▶ _Given entries_
===============

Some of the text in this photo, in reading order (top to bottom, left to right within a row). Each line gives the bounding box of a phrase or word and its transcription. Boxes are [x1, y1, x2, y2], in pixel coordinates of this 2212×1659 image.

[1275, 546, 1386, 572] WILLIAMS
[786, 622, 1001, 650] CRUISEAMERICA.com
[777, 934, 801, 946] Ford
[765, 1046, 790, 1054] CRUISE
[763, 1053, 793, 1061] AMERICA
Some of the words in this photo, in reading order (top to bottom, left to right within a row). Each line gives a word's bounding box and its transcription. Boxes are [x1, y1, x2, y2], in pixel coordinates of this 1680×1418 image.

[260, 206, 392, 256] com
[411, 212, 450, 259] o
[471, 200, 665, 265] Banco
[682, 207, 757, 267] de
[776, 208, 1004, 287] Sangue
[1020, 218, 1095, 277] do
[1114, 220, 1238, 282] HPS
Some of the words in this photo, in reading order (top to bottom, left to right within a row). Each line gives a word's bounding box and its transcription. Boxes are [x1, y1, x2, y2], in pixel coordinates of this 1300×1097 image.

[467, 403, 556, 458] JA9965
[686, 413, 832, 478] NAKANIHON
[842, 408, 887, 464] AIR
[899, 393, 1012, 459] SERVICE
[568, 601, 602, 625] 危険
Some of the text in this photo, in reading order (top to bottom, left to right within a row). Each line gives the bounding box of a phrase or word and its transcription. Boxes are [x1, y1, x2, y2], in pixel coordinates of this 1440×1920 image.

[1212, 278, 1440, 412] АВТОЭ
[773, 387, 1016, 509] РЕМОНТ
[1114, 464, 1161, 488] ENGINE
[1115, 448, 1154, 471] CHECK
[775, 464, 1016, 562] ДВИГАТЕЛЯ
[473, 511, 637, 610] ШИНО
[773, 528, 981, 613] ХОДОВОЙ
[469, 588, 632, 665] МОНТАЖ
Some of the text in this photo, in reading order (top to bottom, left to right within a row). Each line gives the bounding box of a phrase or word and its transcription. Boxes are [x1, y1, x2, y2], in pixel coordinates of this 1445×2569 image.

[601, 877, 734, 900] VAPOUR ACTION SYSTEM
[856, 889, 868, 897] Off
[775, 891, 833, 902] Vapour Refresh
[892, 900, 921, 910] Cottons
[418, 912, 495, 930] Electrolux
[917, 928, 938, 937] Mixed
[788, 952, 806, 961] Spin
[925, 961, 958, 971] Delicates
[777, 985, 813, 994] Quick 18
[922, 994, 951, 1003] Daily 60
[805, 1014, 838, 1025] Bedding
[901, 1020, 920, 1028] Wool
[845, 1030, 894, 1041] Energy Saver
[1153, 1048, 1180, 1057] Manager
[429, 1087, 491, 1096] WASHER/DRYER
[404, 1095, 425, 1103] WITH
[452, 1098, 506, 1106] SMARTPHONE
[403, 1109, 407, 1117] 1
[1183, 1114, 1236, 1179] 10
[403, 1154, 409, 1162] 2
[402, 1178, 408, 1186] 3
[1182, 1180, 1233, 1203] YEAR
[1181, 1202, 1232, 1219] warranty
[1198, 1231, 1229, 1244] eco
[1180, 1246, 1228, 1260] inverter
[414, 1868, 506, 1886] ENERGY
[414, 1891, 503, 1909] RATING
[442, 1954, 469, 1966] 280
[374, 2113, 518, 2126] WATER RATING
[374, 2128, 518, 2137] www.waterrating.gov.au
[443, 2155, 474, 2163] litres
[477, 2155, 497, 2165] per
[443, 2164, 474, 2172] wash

===============

▶ _Assignment_
Repeat the material word for word.

▶ _Expected output_
Some of the text in this photo, in reading order (top to bottom, left to right within a row). Each line gives the bounding box of a phrase or word and its transcription. Boxes are [x1, y1, x2, y2], in pixel coordinates of this 2212×1659 image.

[1275, 546, 1386, 572] WILLIAMS
[786, 622, 1001, 650] CRUISEAMERICA.com
[777, 934, 801, 946] Ford
[765, 1046, 790, 1054] CRUISE
[763, 1053, 793, 1061] AMERICA
Some of the words in this photo, in reading order (top to bottom, left to right within a row). Each line gives a word's bounding box and its transcription. Boxes are [x1, y1, x2, y2], in pixel coordinates of this 1680×1418 image.

[260, 206, 392, 256] com
[411, 212, 450, 259] o
[471, 200, 665, 265] Banco
[682, 207, 757, 267] de
[776, 208, 1004, 287] Sangue
[1020, 218, 1095, 277] do
[1114, 220, 1238, 282] HPS
Some of the words in this photo, in reading order (top to bottom, left to right within a row). Each line gives a word's bounding box and its transcription. Boxes are [x1, y1, x2, y2], in pixel coordinates of this 1300×1097 image.

[467, 403, 556, 458] JA9965
[686, 413, 832, 478] NAKANIHON
[842, 408, 887, 464] AIR
[899, 393, 1012, 459] SERVICE
[568, 601, 602, 625] 危険
Some of the text in this photo, in reading order (top to bottom, left to right within a row). Each line gives the bounding box of a phrase or word and its transcription. Boxes are [x1, y1, x2, y2], in pixel coordinates of this 1440×1920 image.

[1212, 278, 1440, 412] АВТОЭ
[773, 387, 1016, 509] РЕМОНТ
[1114, 464, 1161, 488] ENGINE
[1115, 448, 1154, 471] CHECK
[775, 464, 1016, 562] ДВИГАТЕЛЯ
[473, 511, 637, 610] ШИНО
[773, 528, 981, 613] ХОДОВОЙ
[469, 588, 632, 665] МОНТАЖ
Some of the text in this photo, in reading order (top to bottom, left to right within a row). Each line gives the bounding box of a phrase or word and its transcription. Boxes are [x1, y1, x2, y2], in pixel coordinates of this 1445×2569 image.

[601, 877, 734, 900] VAPOUR ACTION SYSTEM
[856, 889, 868, 897] Off
[775, 891, 833, 902] Vapour Refresh
[892, 900, 921, 910] Cottons
[418, 912, 495, 930] Electrolux
[917, 928, 938, 937] Mixed
[788, 952, 806, 961] Spin
[925, 961, 958, 971] Delicates
[777, 985, 813, 994] Quick 18
[922, 994, 951, 1003] Daily 60
[805, 1014, 838, 1025] Bedding
[901, 1020, 920, 1028] Wool
[845, 1030, 894, 1041] Energy Saver
[1153, 1048, 1180, 1057] Manager
[429, 1087, 491, 1096] WASHER/DRYER
[404, 1095, 425, 1103] WITH
[452, 1098, 506, 1106] SMARTPHONE
[403, 1109, 407, 1117] 1
[1183, 1114, 1236, 1179] 10
[403, 1154, 409, 1162] 2
[402, 1178, 408, 1186] 3
[1182, 1180, 1233, 1203] YEAR
[1181, 1202, 1232, 1219] warranty
[1198, 1231, 1229, 1244] eco
[1180, 1246, 1228, 1260] inverter
[414, 1868, 506, 1886] ENERGY
[414, 1891, 503, 1909] RATING
[442, 1954, 469, 1966] 280
[374, 2113, 518, 2126] WATER RATING
[374, 2128, 518, 2137] www.waterrating.gov.au
[443, 2155, 474, 2163] litres
[477, 2155, 497, 2165] per
[443, 2164, 474, 2172] wash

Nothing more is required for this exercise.